What you are asked to do => Set the records down again, exactly, without their images.

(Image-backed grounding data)
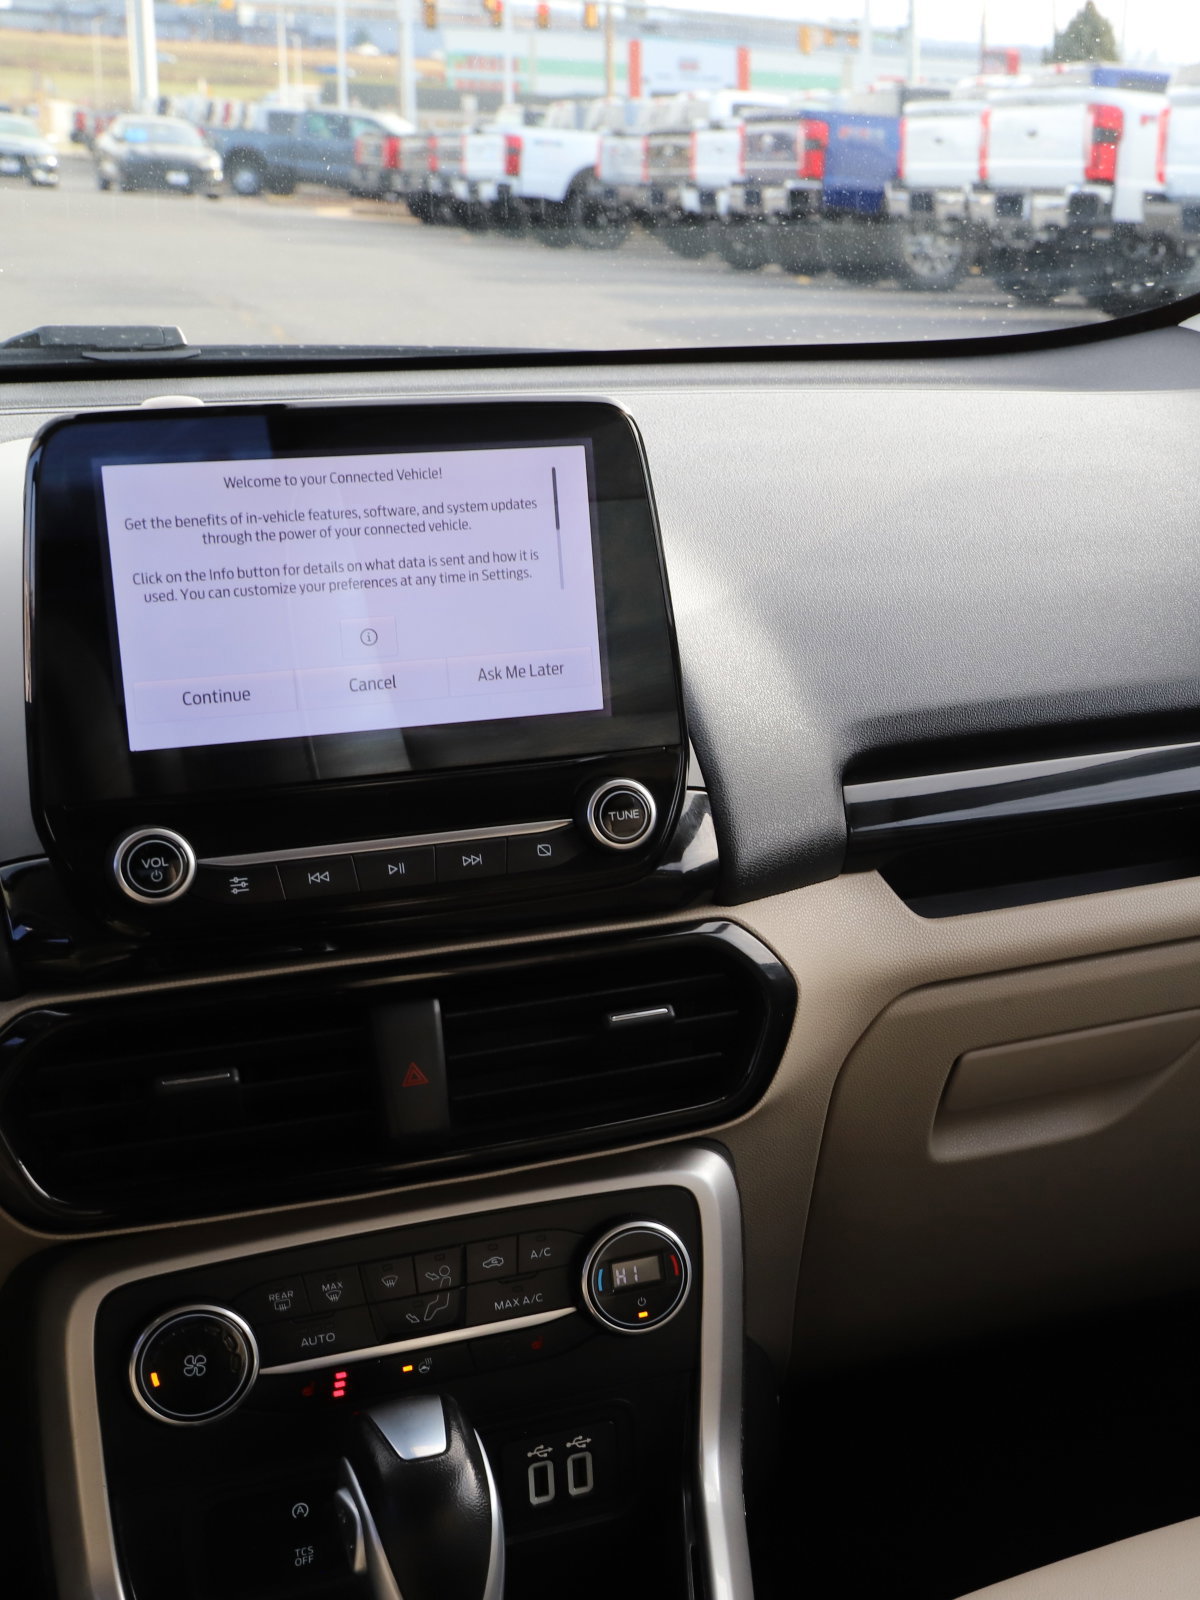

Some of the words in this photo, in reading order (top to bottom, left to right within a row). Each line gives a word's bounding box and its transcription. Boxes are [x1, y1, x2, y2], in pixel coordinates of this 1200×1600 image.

[224, 476, 281, 489] Welcome
[284, 474, 298, 486] to
[300, 474, 326, 488] your
[330, 469, 394, 484] Connected
[396, 468, 443, 482] Vehicle!
[124, 518, 148, 530] Get
[150, 516, 172, 529] the
[175, 514, 228, 528] benefits
[230, 512, 245, 525] of
[246, 510, 306, 524] in-vehicle
[308, 507, 361, 520] features,
[364, 504, 420, 518] software,
[422, 502, 444, 515] and
[446, 500, 488, 514] system
[490, 498, 538, 512] updates
[202, 532, 252, 546] through
[255, 529, 276, 542] the
[279, 528, 316, 542] power
[319, 526, 333, 538] of
[336, 526, 362, 538] your
[364, 520, 426, 536] connected
[428, 519, 472, 532] vehicle.
[132, 571, 163, 586] Click
[165, 573, 182, 584] on
[185, 569, 206, 582] the
[209, 568, 234, 581] Info
[237, 566, 280, 580] button
[282, 564, 300, 576] for
[303, 560, 344, 576] details
[347, 562, 362, 572] on
[364, 558, 396, 570] what
[398, 556, 426, 569] data
[428, 554, 438, 567] is
[440, 554, 465, 566] sent
[468, 552, 490, 565] and
[492, 551, 517, 563] how
[520, 550, 528, 562] it
[530, 549, 539, 560] is
[144, 589, 178, 603] used.
[180, 588, 205, 601] You
[208, 589, 230, 599] can
[233, 582, 297, 597] customize
[299, 582, 326, 594] your
[328, 577, 398, 593] preferences
[400, 574, 412, 586] at
[415, 574, 438, 586] any
[439, 571, 466, 584] time
[468, 570, 479, 582] in
[482, 567, 532, 582] Settings.
[478, 666, 502, 682] Ask
[506, 664, 527, 679] Me
[529, 662, 565, 678] Later
[349, 674, 397, 694] Cancel
[182, 687, 251, 706] Continue
[608, 809, 640, 821] TUNE
[141, 857, 169, 868] VOL
[530, 1247, 551, 1259] A/C
[268, 1290, 294, 1301] REAR
[322, 1281, 344, 1292] MAX
[494, 1298, 519, 1311] MAX
[522, 1292, 543, 1304] A/C
[301, 1332, 336, 1347] AUTO
[294, 1546, 314, 1557] TCS
[294, 1555, 314, 1566] OFF

Expected output =>
Some of the words in this photo, in reading order (top to bottom, left to right within a row). Each line gives a word's bounding box and its transcription. Boxes are [x1, y1, x2, y2], in pixel coordinates of this 1200×1600 image.

[224, 476, 281, 489] Welcome
[284, 474, 298, 486] to
[300, 474, 326, 488] your
[330, 469, 394, 484] Connected
[396, 468, 443, 482] Vehicle!
[124, 518, 148, 530] Get
[150, 516, 172, 529] the
[175, 514, 228, 528] benefits
[230, 512, 245, 525] of
[246, 510, 306, 524] in-vehicle
[308, 507, 361, 520] features,
[364, 504, 420, 518] software,
[422, 502, 444, 515] and
[446, 500, 488, 514] system
[490, 498, 538, 512] updates
[202, 532, 252, 546] through
[255, 529, 276, 542] the
[279, 528, 316, 542] power
[319, 526, 333, 538] of
[336, 526, 362, 538] your
[364, 520, 426, 536] connected
[428, 519, 472, 532] vehicle.
[132, 571, 163, 586] Click
[165, 573, 182, 584] on
[185, 569, 206, 582] the
[209, 568, 234, 581] Info
[237, 566, 280, 580] button
[282, 564, 300, 576] for
[303, 560, 344, 576] details
[347, 562, 362, 572] on
[364, 558, 396, 570] what
[398, 556, 426, 569] data
[428, 554, 438, 567] is
[440, 554, 465, 566] sent
[468, 552, 490, 565] and
[492, 551, 517, 563] how
[520, 550, 528, 562] it
[530, 549, 539, 560] is
[144, 589, 178, 603] used.
[180, 588, 205, 601] You
[208, 589, 230, 599] can
[233, 582, 297, 597] customize
[299, 582, 326, 594] your
[328, 577, 398, 593] preferences
[400, 574, 412, 586] at
[415, 574, 438, 586] any
[439, 571, 466, 584] time
[468, 570, 479, 582] in
[482, 567, 532, 582] Settings.
[478, 666, 502, 682] Ask
[506, 664, 527, 679] Me
[529, 662, 565, 678] Later
[349, 674, 397, 694] Cancel
[182, 687, 251, 706] Continue
[608, 809, 640, 821] TUNE
[141, 857, 169, 868] VOL
[530, 1247, 551, 1259] A/C
[268, 1290, 294, 1301] REAR
[322, 1281, 344, 1292] MAX
[494, 1298, 519, 1311] MAX
[522, 1292, 543, 1304] A/C
[301, 1332, 336, 1347] AUTO
[294, 1546, 314, 1557] TCS
[294, 1555, 314, 1566] OFF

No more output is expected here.